Can’t Stop UNC’s Move to Raleigh

by | Sep 5, 2022

Too late.

It has already been done.

The Spangler building that served as headquarters of the UNC system is dark and empty for the first time since 1971 when UNC president William Friday moved the university president’s offices from the center of the UNC-Chapel Hill campus to the site just a few blocks down the road.

Another empty building is the Franklin Street house that has been the university president’s home since 1907.

The University of North Carolina, now called the UNC system, has moved outside the center of Chapel Hill for the first time since February 1795 when the university’s first student, Hinton James, enrolled.

Now in off-campus transition quarters, the university is on the way to moving to Raleigh as ordered by the General Assembly last year and with a specific deadline of July 1, 2023, in the budget adopted this year.

It is a bad idea.

But there was little objection earlier this year when the university’s Board of Governors, after a short debate, approved a lease for temporary headquarters in

Raleigh.

Three important board members did speak against the move. Prominent conservative Art Pope and former legislators Leo Daughtry and John Fraley voted against the move to Raleigh.

Daughtry said, “It is my opinion that the move from here to Raleigh was done purely on the basis of politics.”

As he told NC Policy Watch’s Joe Killian, “The plan to move the UNC System offices to downtown Raleigh is expensive, ill-considered and motivated primarily by politics.”

Killian continued, “Beyond the political implications, Pope and Fraley said, relocating the UNC System office, with its more than 250 employees, is an unnecessary expense when the offices and support systems for the university already exist in Chapel Hill.”

Whatever the reason for the move, the university is moving and it will never be the same.

Upon its move from Chapel Hill to Raleigh, the university becomes another state bureaucratic agency, much more concerned with pleasing state officials and legislators rather than understanding and serving the students, faculty, and campus leaders.

Looking back at The University of North Carolina led by Frank Porter Graham, William Friday, Dick Spangler, and others, operating at a distance from Raleigh in the campus environment, guided North Carolina’s universities to nationally recognized success.

We will have to adapt to a new reality.

Instead of devoting a portion of time with students and faculty as Graham did with his Sunday evening open houses or Spangler did with his regular lunches at Lenoir Hall, the university president and his or her associates will miss the daily contact with university people. Instead, they will consort with other state officials in Raleigh, far away from a university campus environment.

How will the university president manage these changed circumstances?
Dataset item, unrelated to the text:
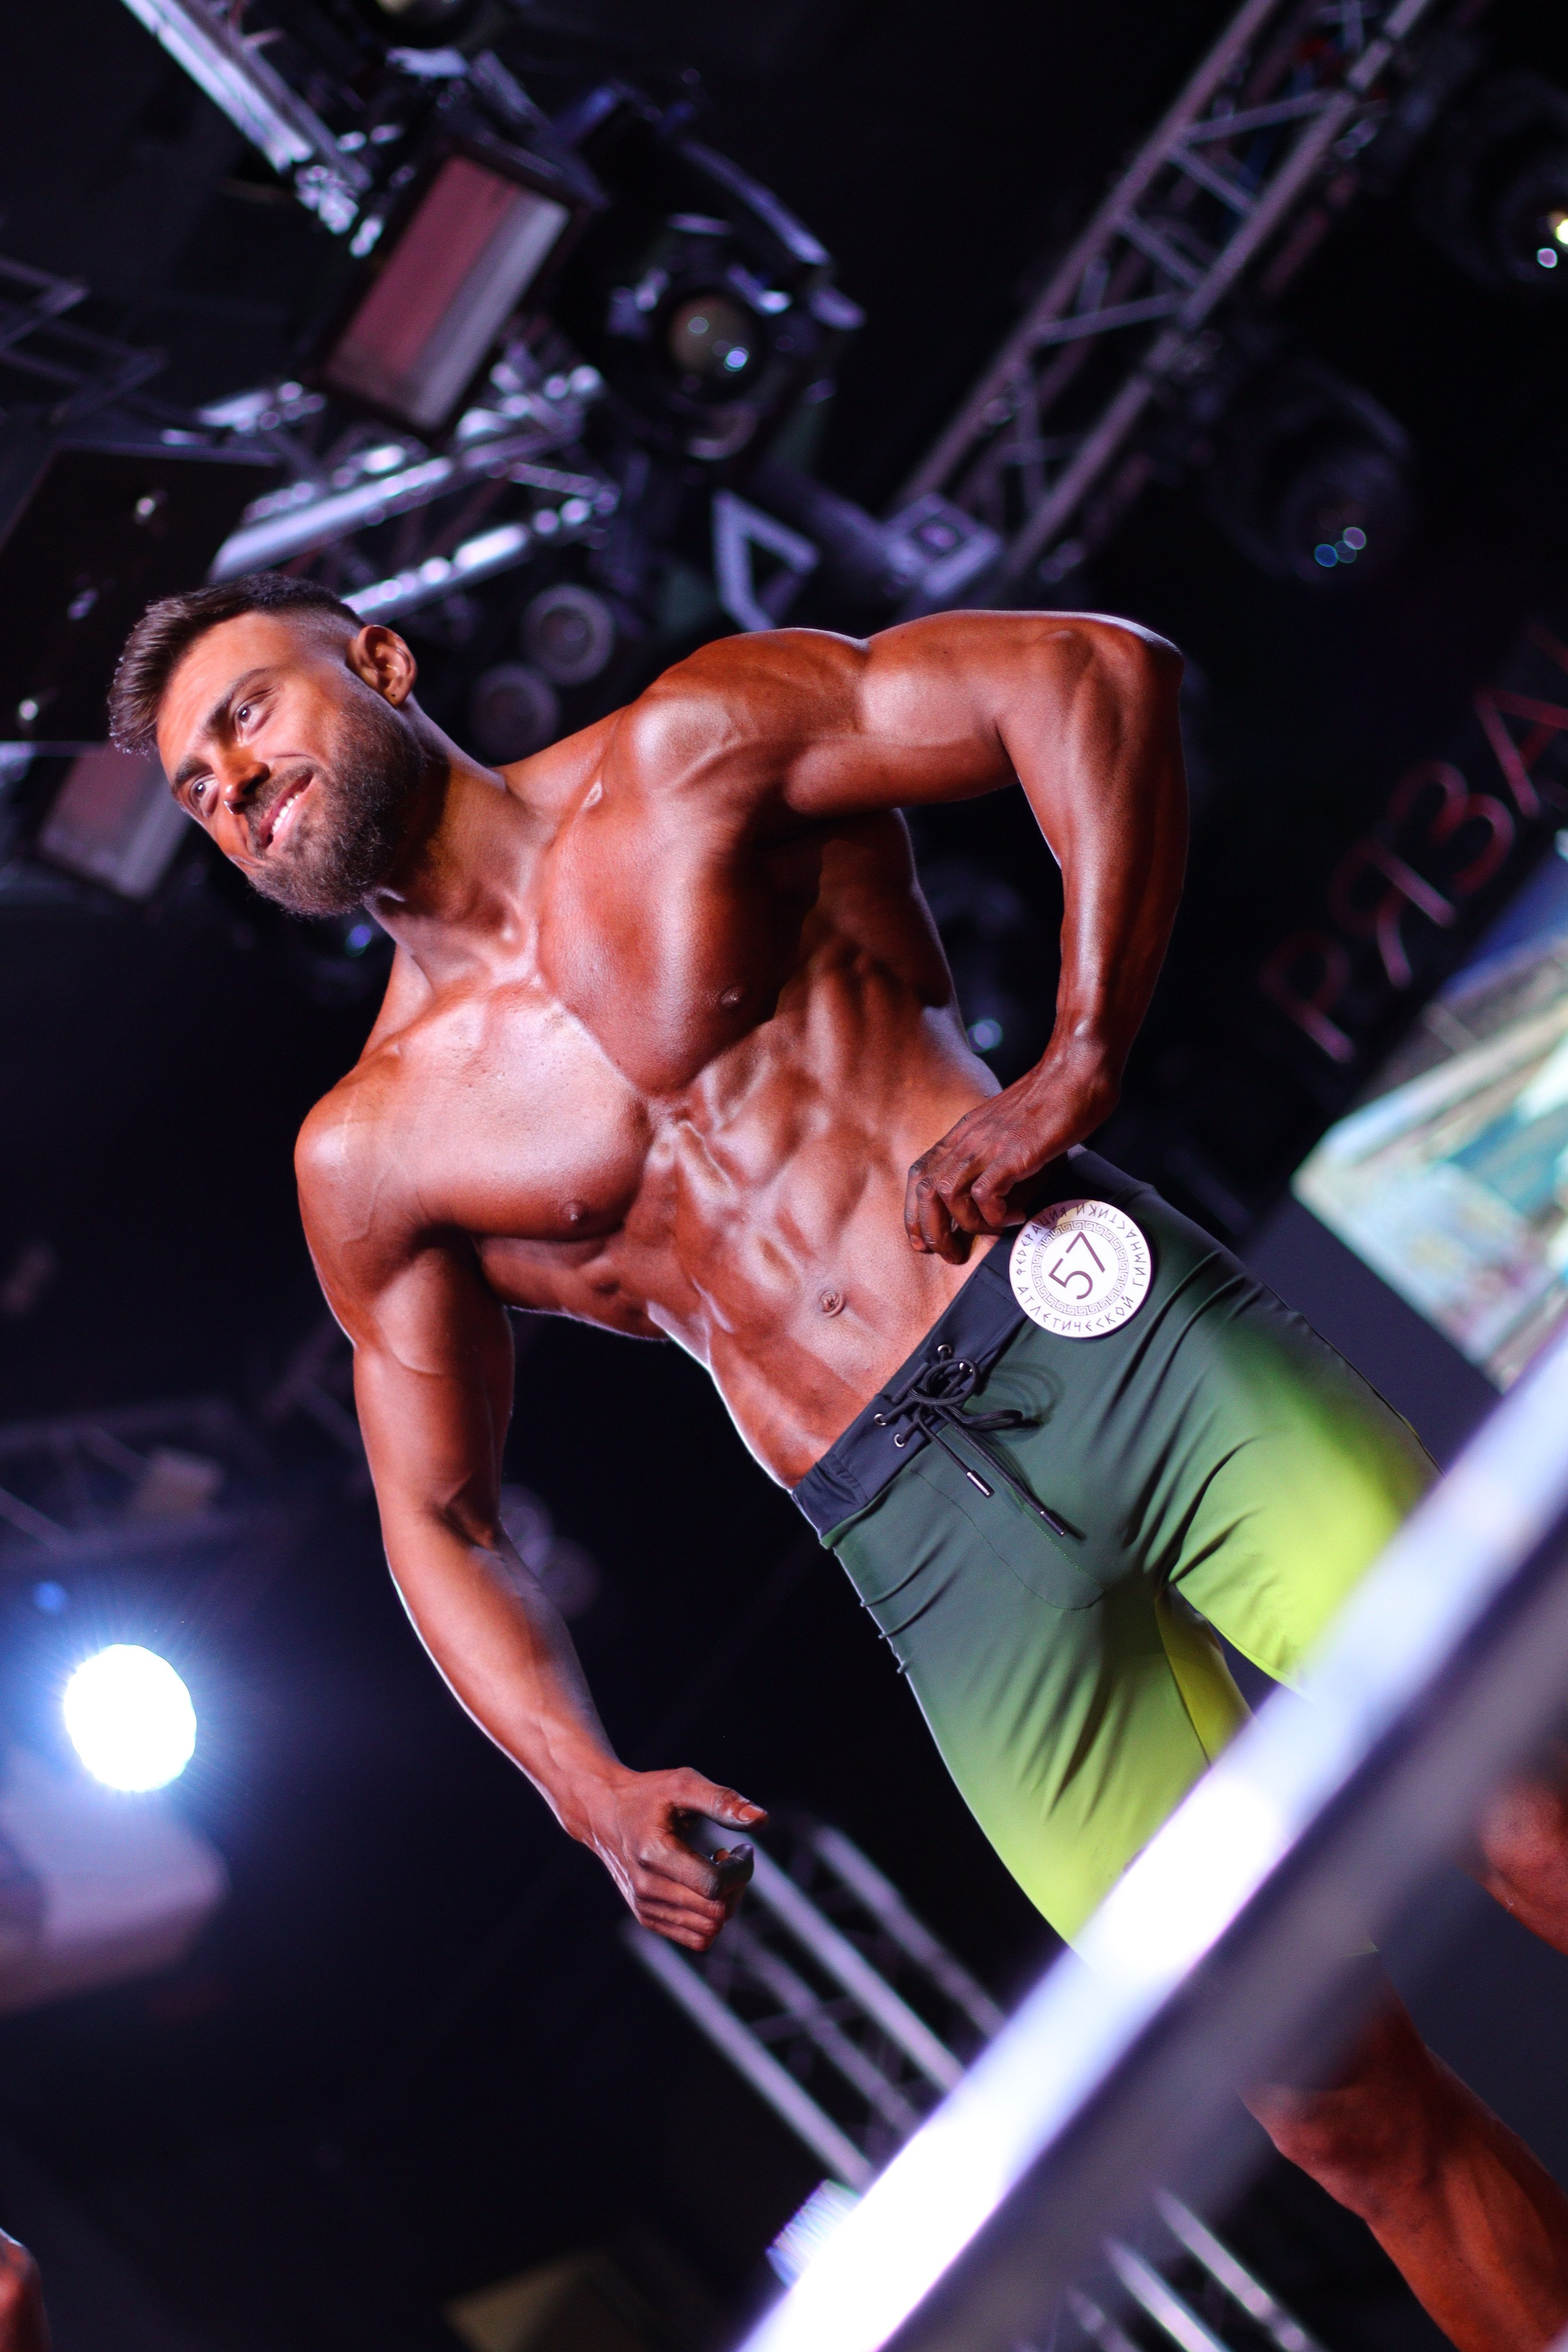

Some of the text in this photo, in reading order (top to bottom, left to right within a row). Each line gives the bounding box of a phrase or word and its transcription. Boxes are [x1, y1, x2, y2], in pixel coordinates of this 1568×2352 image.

[1257, 620, 1568, 1063] РЯЗА
[1016, 1204, 1147, 1332] ФЕДЕРАЦИЯ АТЛЕТИЧЕСКОЙ ГИМНАСТИКИ
[1048, 1231, 1106, 1300] 57
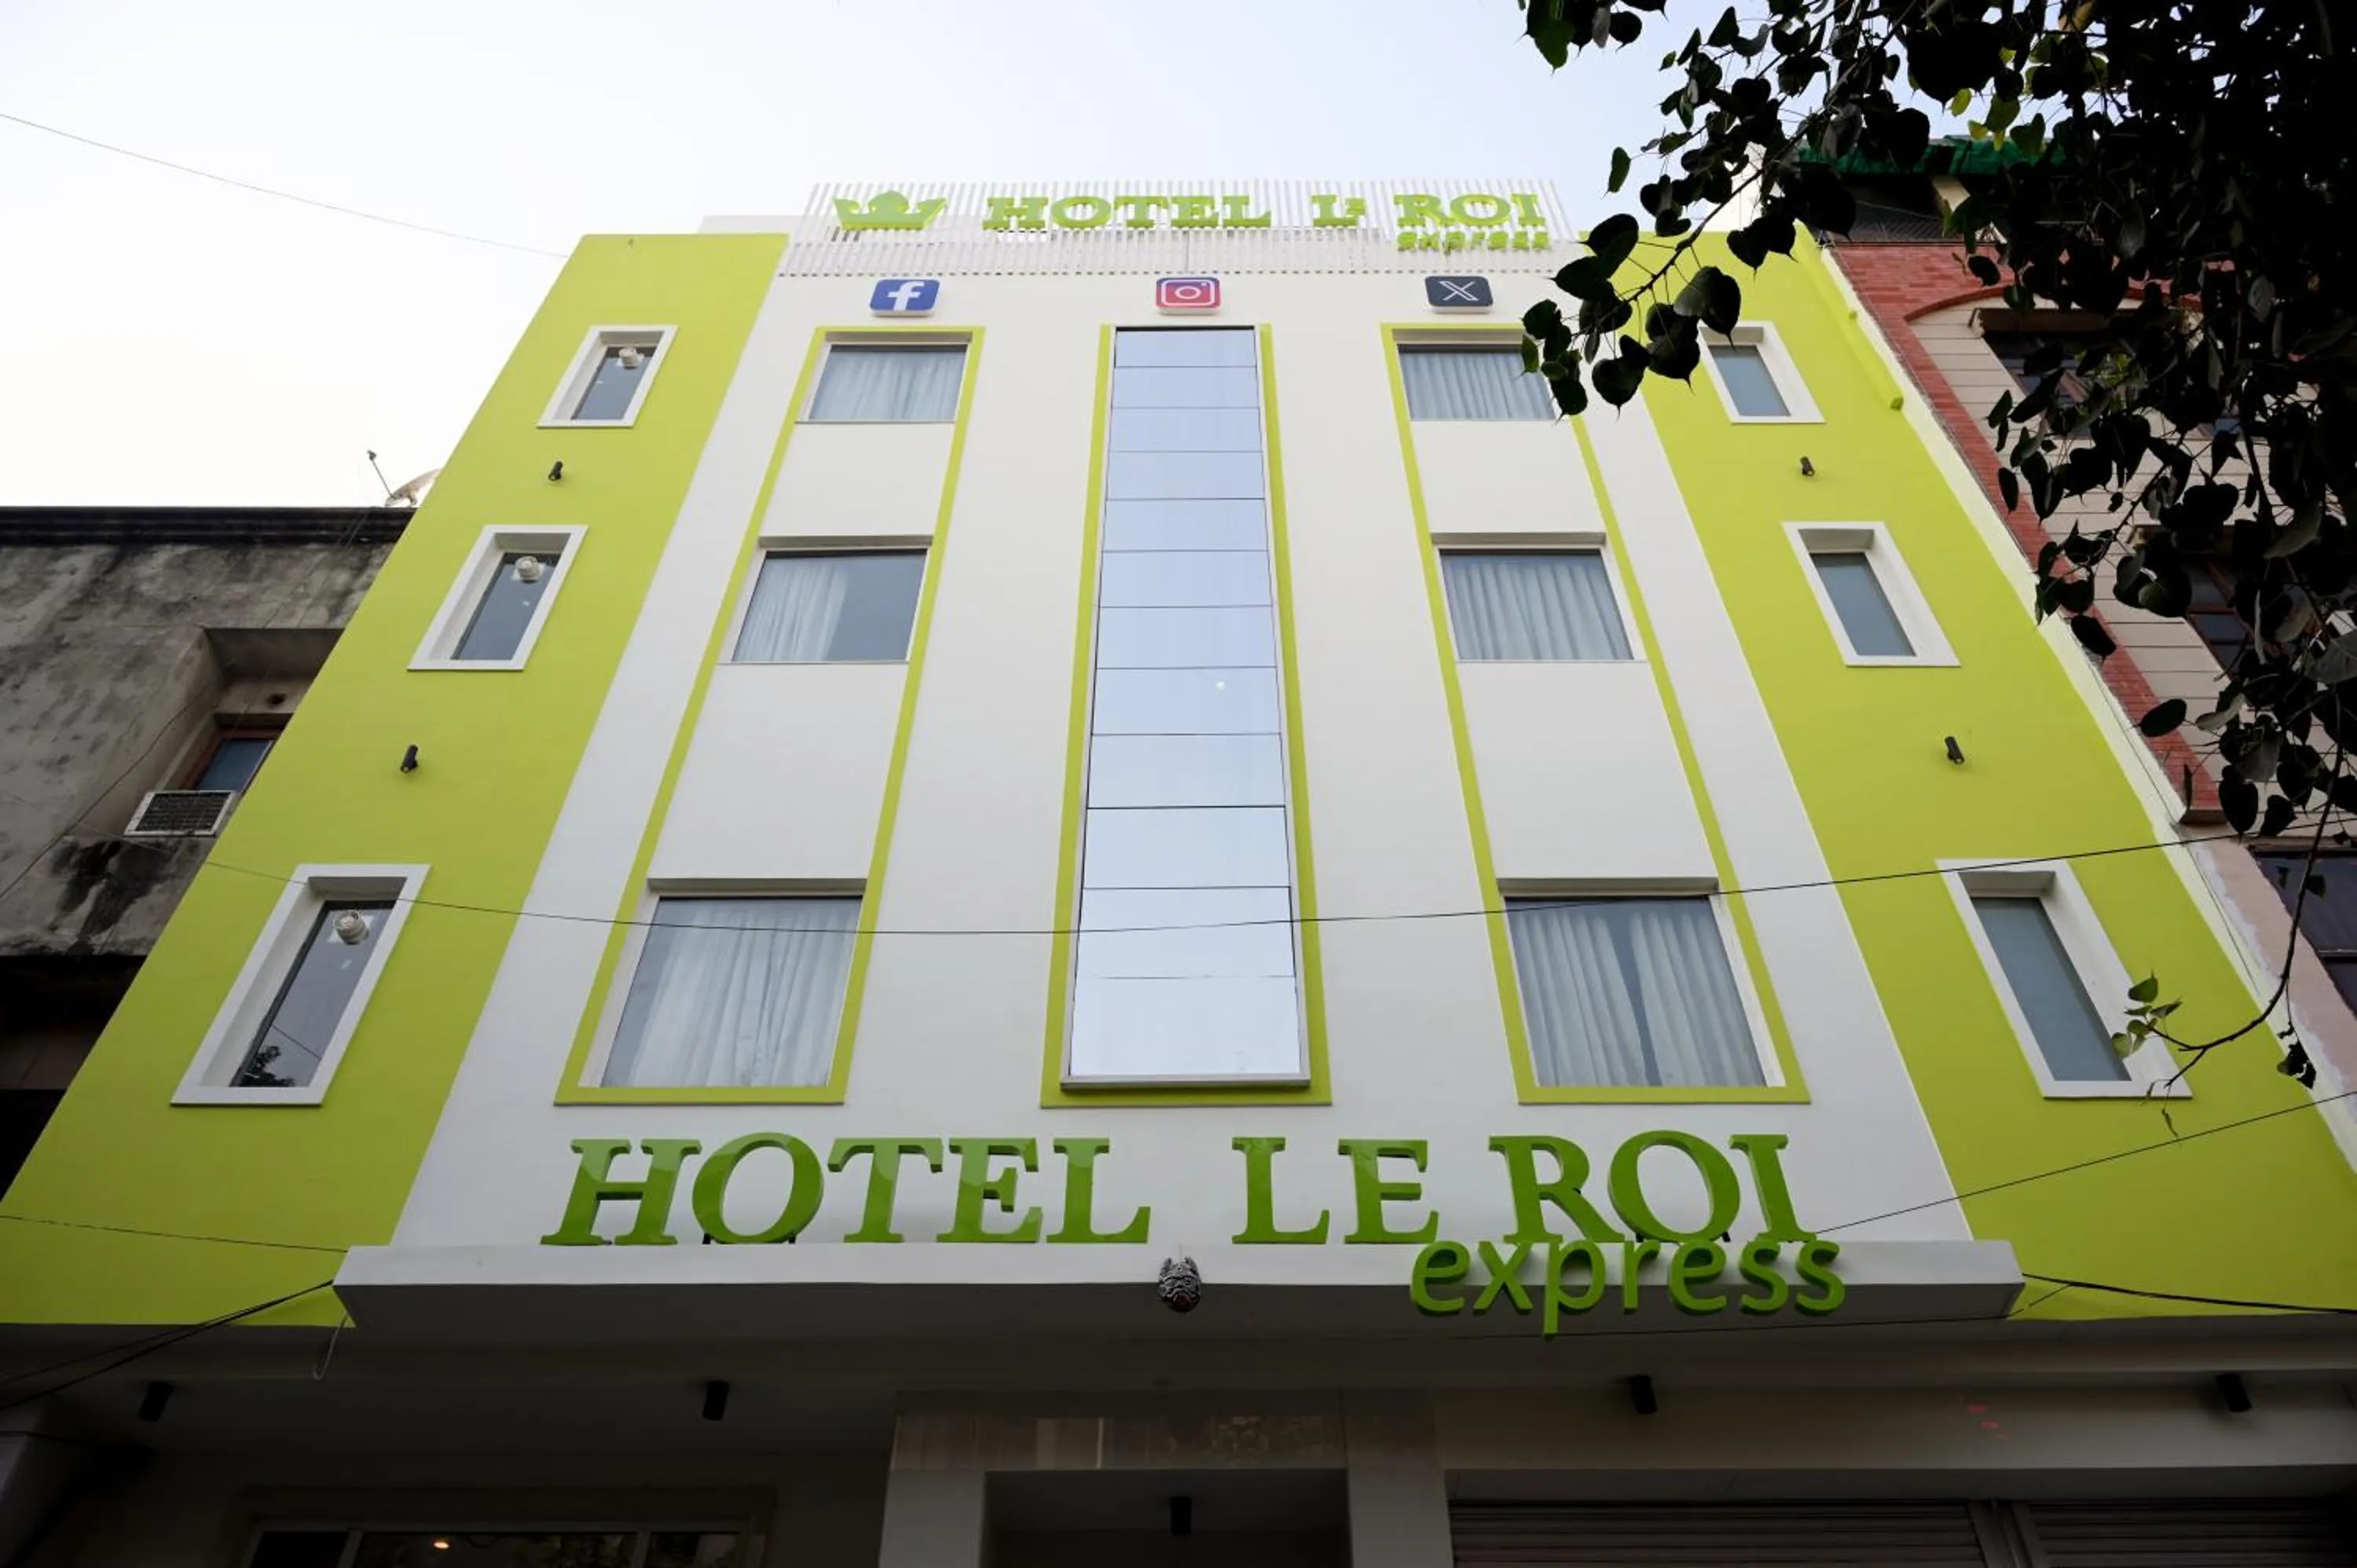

From his experience as a university student, his service on university and community college boards and positions of educational leadership, current UNC President Peter Hans has the background to be an extraordinary president.

He would be even better, I think, if he could have kept his base of operations where the university’s heart and center has been for more than 225 years.

 When he recruits higher education leaders to serve in North Carolina, he may be more likely to choose from the state employees who will surround his office after the move to Raleigh.  

Away from a campus, he may find it more difficult to become familiar with, understand, and recruit new university employees and faculty for the positions that need people with on-site university experience.

It will be harder and hard for the university president to be an inspiring leader rather than simply a high-level state bureaucrat.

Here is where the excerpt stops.